▶ **Problem**
Could you repeat the records below exactly, leaving the pictures out?

▶ **Dataset**
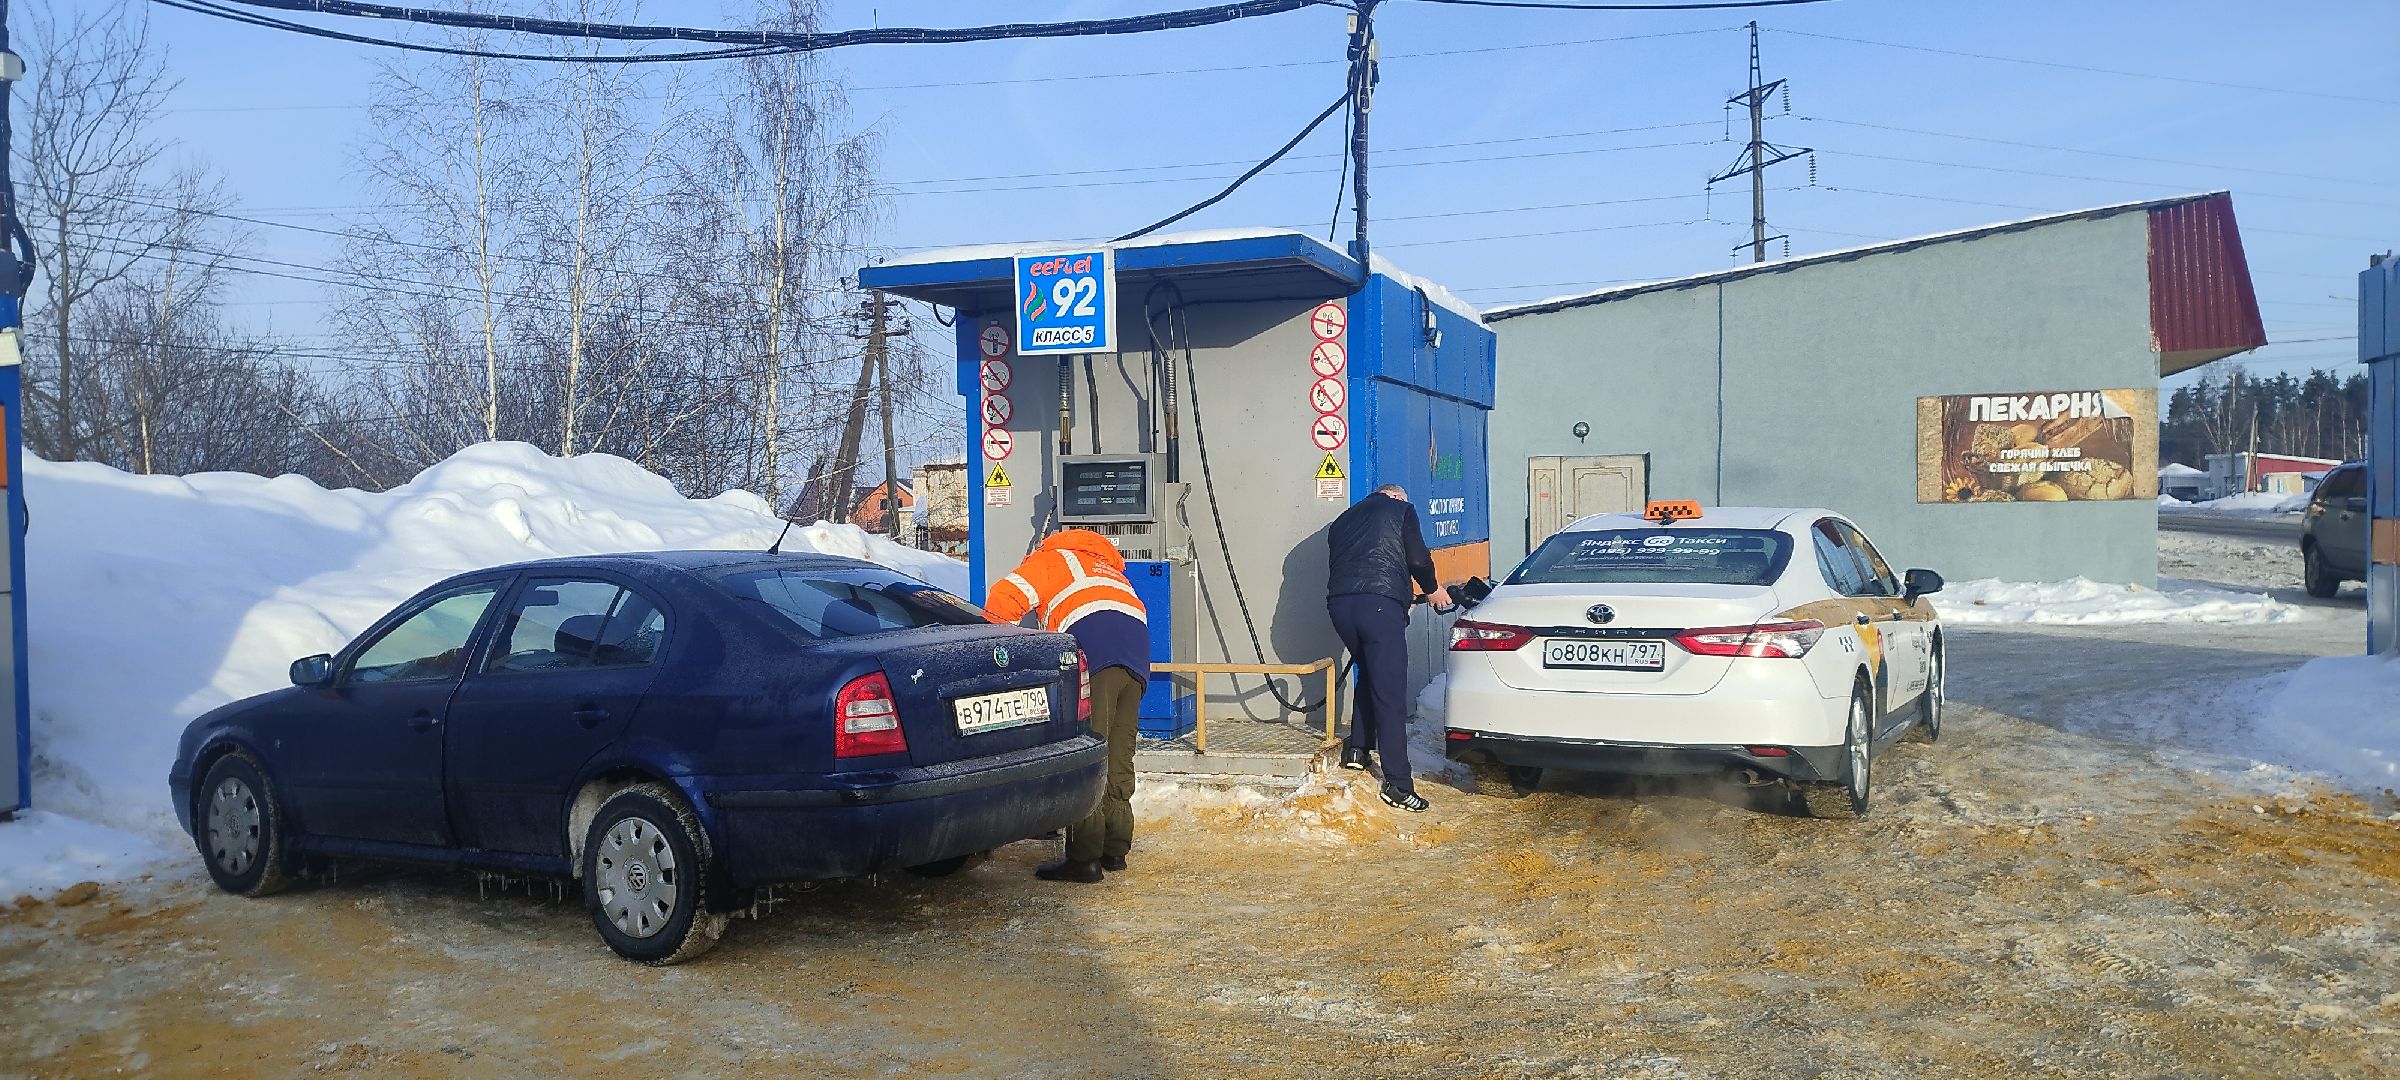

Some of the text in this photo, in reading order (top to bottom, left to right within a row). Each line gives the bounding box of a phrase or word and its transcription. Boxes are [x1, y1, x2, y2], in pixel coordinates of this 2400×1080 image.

[1052, 276, 1097, 318] 92
[1035, 329, 1092, 343] КЛАСС 5
[2000, 446, 2081, 459] ГОРЯЧИЙ ХЛЕБ
[1989, 461, 2092, 473] СВЕЖАЯ ВЫПЕЧКА
[1580, 539, 1641, 548] Яндекс
[1150, 565, 1162, 577] 95
[1628, 644, 1658, 659] 797
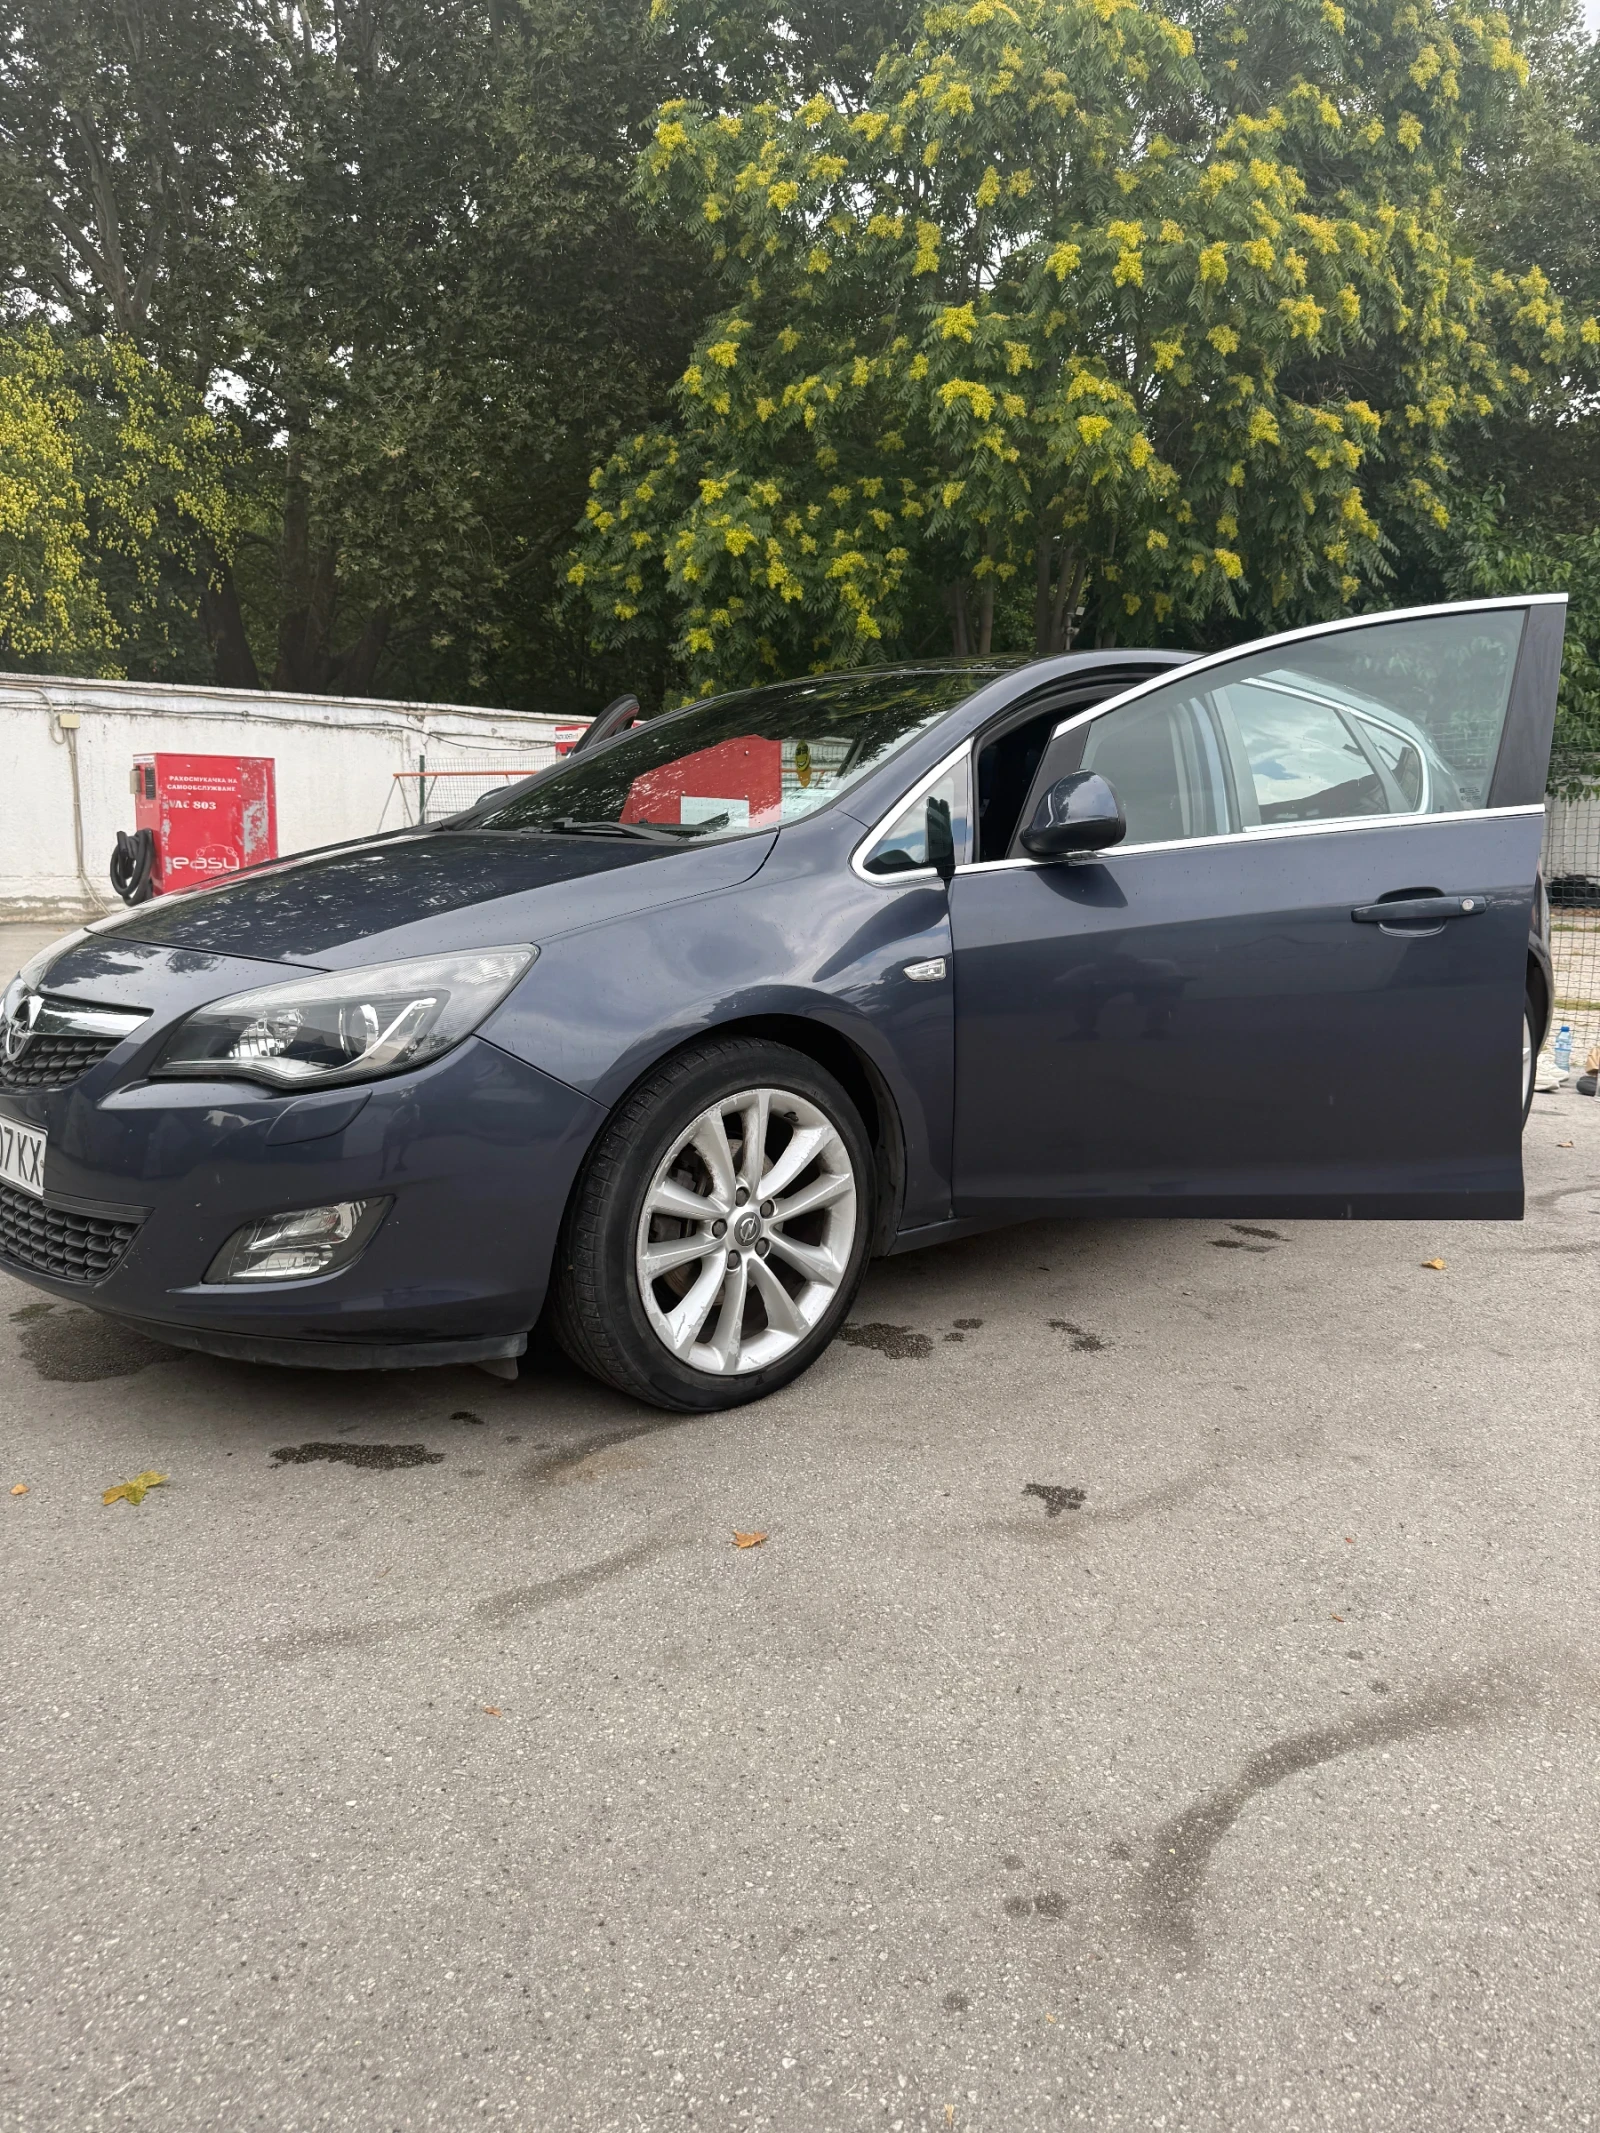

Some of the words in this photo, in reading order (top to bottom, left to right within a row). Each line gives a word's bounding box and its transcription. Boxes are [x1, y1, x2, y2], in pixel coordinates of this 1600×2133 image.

▶ **Output for this exercise**
Some of the text in this photo, in reading order (top to bottom, left to right within a row). Each line gives the bounding box of a phrase or word and its transcription. Boxes are [x1, y1, x2, y2], in pixel coordinates of this 2400×1080 image.

[1052, 276, 1097, 318] 92
[1035, 329, 1092, 343] КЛАСС 5
[2000, 446, 2081, 459] ГОРЯЧИЙ ХЛЕБ
[1989, 461, 2092, 473] СВЕЖАЯ ВЫПЕЧКА
[1580, 539, 1641, 548] Яндекс
[1150, 565, 1162, 577] 95
[1628, 644, 1658, 659] 797

Some of the words in this photo, in reading order (top to bottom, left to right within a row). Each line gives a word's bounding box and its transcription. Boxes are [x1, y1, x2, y2], in pixel coordinates of this 1600×2133 image.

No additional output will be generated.